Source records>

►

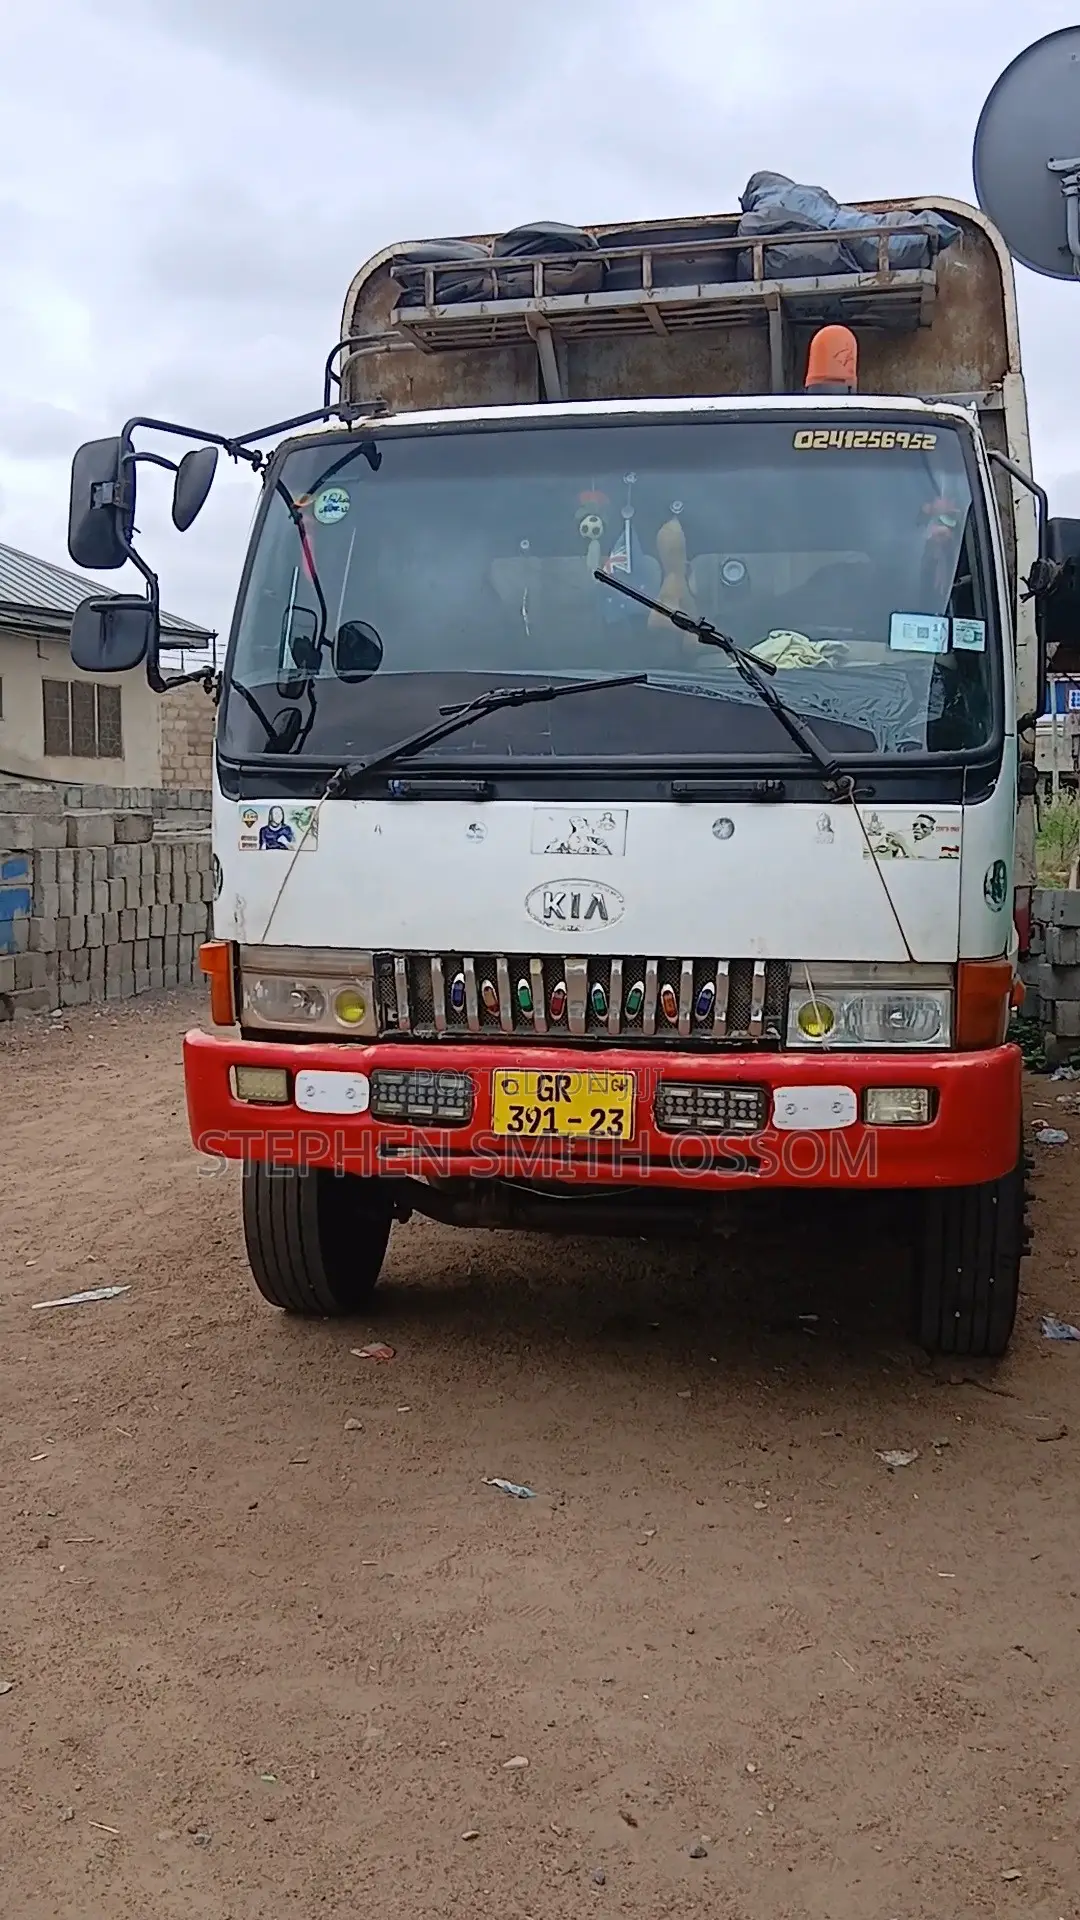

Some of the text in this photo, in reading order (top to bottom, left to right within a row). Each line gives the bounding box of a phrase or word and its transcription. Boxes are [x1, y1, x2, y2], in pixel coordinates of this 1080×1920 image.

[793, 429, 938, 451] 0241256952
[543, 891, 609, 921] KIA
[537, 1074, 572, 1103] GR
[507, 1105, 559, 1134] 391
[590, 1108, 625, 1137] 23
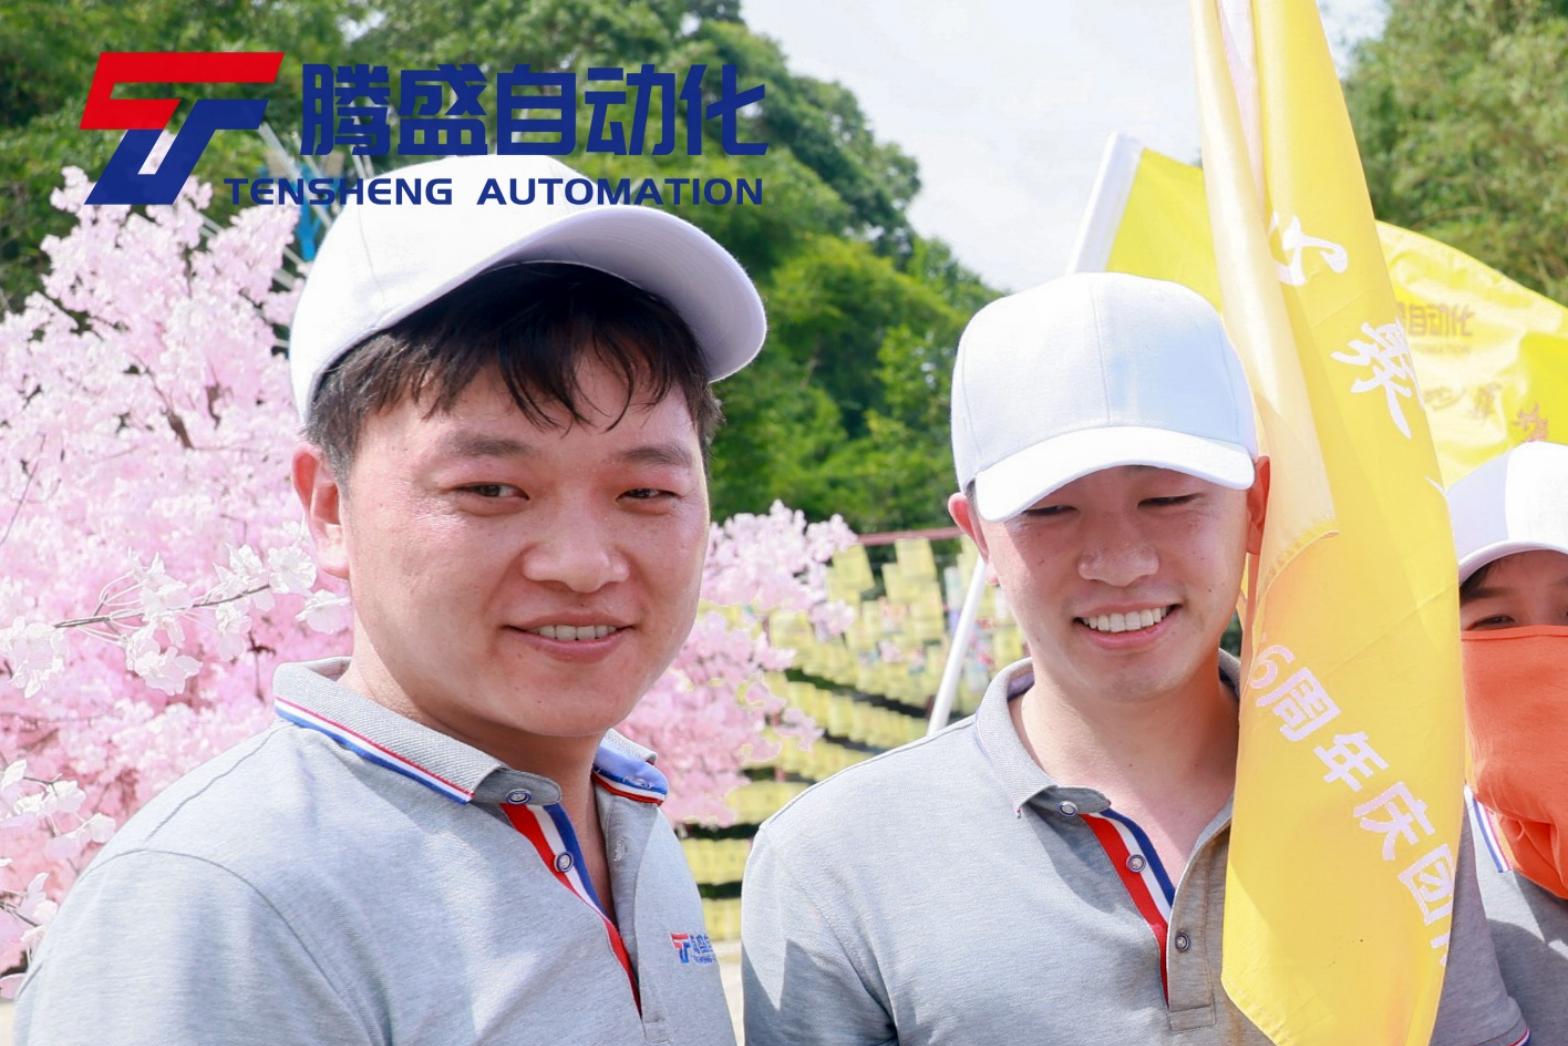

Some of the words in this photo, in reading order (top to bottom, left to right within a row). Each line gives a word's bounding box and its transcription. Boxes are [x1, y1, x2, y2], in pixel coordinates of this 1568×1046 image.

[1398, 303, 1475, 337] 自动化
[1248, 644, 1455, 967] 6周年庆团

◄

Task to complete>
Repeat the data above in full and exactly. Omit every image.

Response>
Some of the text in this photo, in reading order (top to bottom, left to right within a row). Each line gives the bounding box of a phrase or word and its transcription. Boxes are [x1, y1, x2, y2], in pixel coordinates of this 1080×1920 image.

[793, 429, 938, 451] 0241256952
[543, 891, 609, 921] KIA
[537, 1074, 572, 1103] GR
[507, 1105, 559, 1134] 391
[590, 1108, 625, 1137] 23

Some of the words in this photo, in reading order (top to bottom, left to right within a row). Each line gives a word's bounding box and its transcription. Boxes are [x1, y1, x2, y2], in pixel coordinates of this 1568×1046 image.

[1398, 303, 1475, 337] 自动化
[1248, 644, 1455, 967] 6周年庆团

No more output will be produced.